Directions: The answer is to be the data that follows, transcribed exactly, minus its pictures.

Task input: Begin

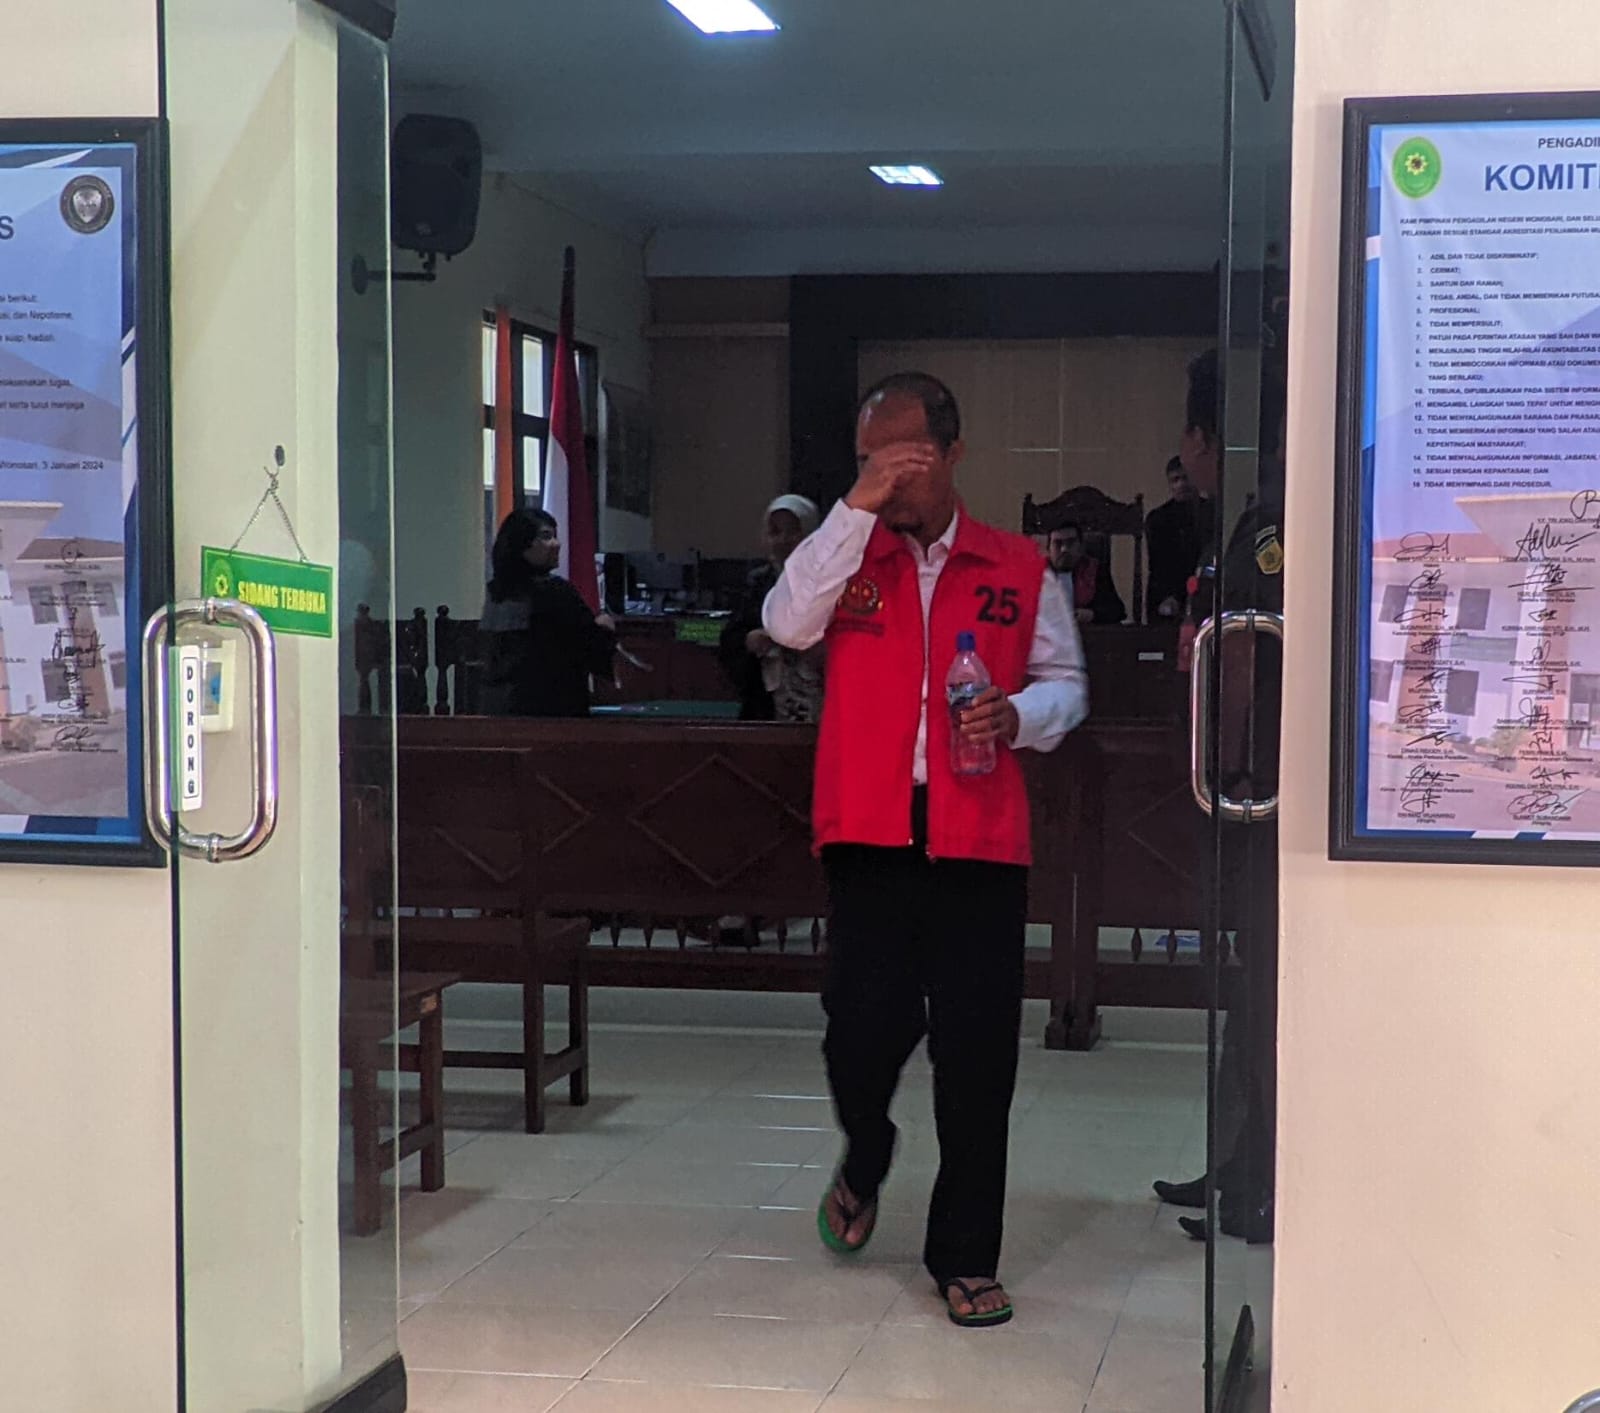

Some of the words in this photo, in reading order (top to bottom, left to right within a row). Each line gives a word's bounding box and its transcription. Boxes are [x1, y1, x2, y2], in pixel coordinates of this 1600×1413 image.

[1485, 163, 1600, 192] KOMIT
[1464, 252, 1485, 260] TIDAK
[1501, 292, 1521, 300] TIDAK
[1429, 360, 1449, 368] TIDAK
[82, 461, 104, 470] 2024
[975, 585, 1020, 627] 25
[186, 666, 195, 794] DORONG
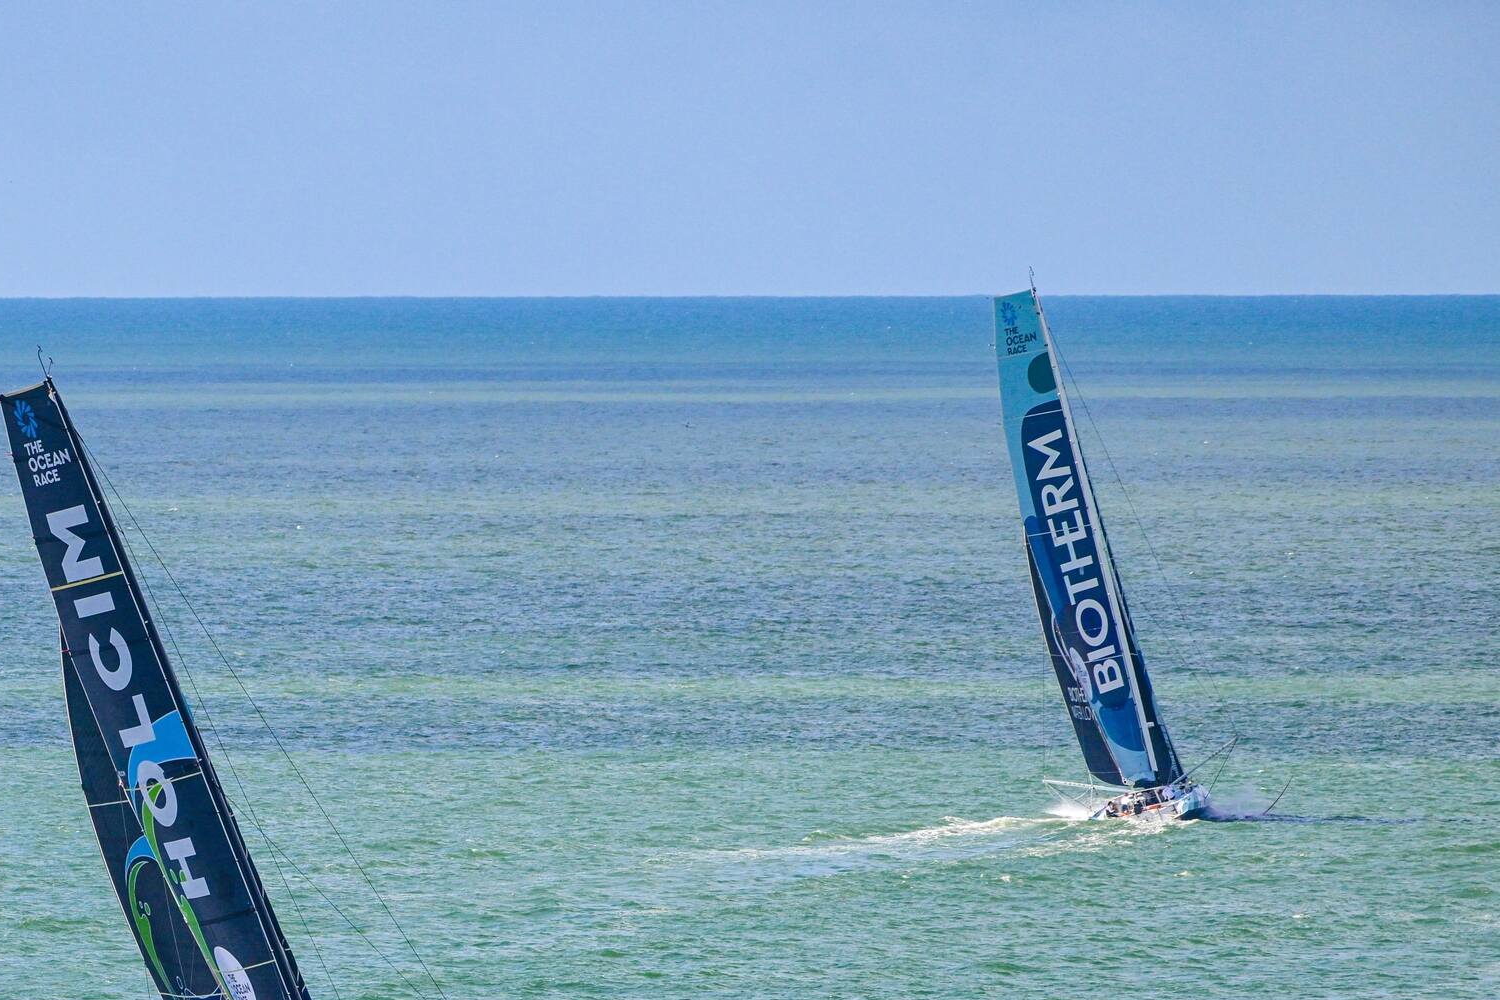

Task input: End

Written reply:
Some of the words in this photo, in reading order (top to bottom, left to right within a row). Each line gives a word's bounding box and its transcription. Boxes are [x1, y1, x2, y2], in pixel coordinates of this 1600×1413 image.

[1485, 163, 1600, 192] KOMIT
[1464, 252, 1485, 260] TIDAK
[1501, 292, 1521, 300] TIDAK
[1429, 360, 1449, 368] TIDAK
[82, 461, 104, 470] 2024
[975, 585, 1020, 627] 25
[186, 666, 195, 794] DORONG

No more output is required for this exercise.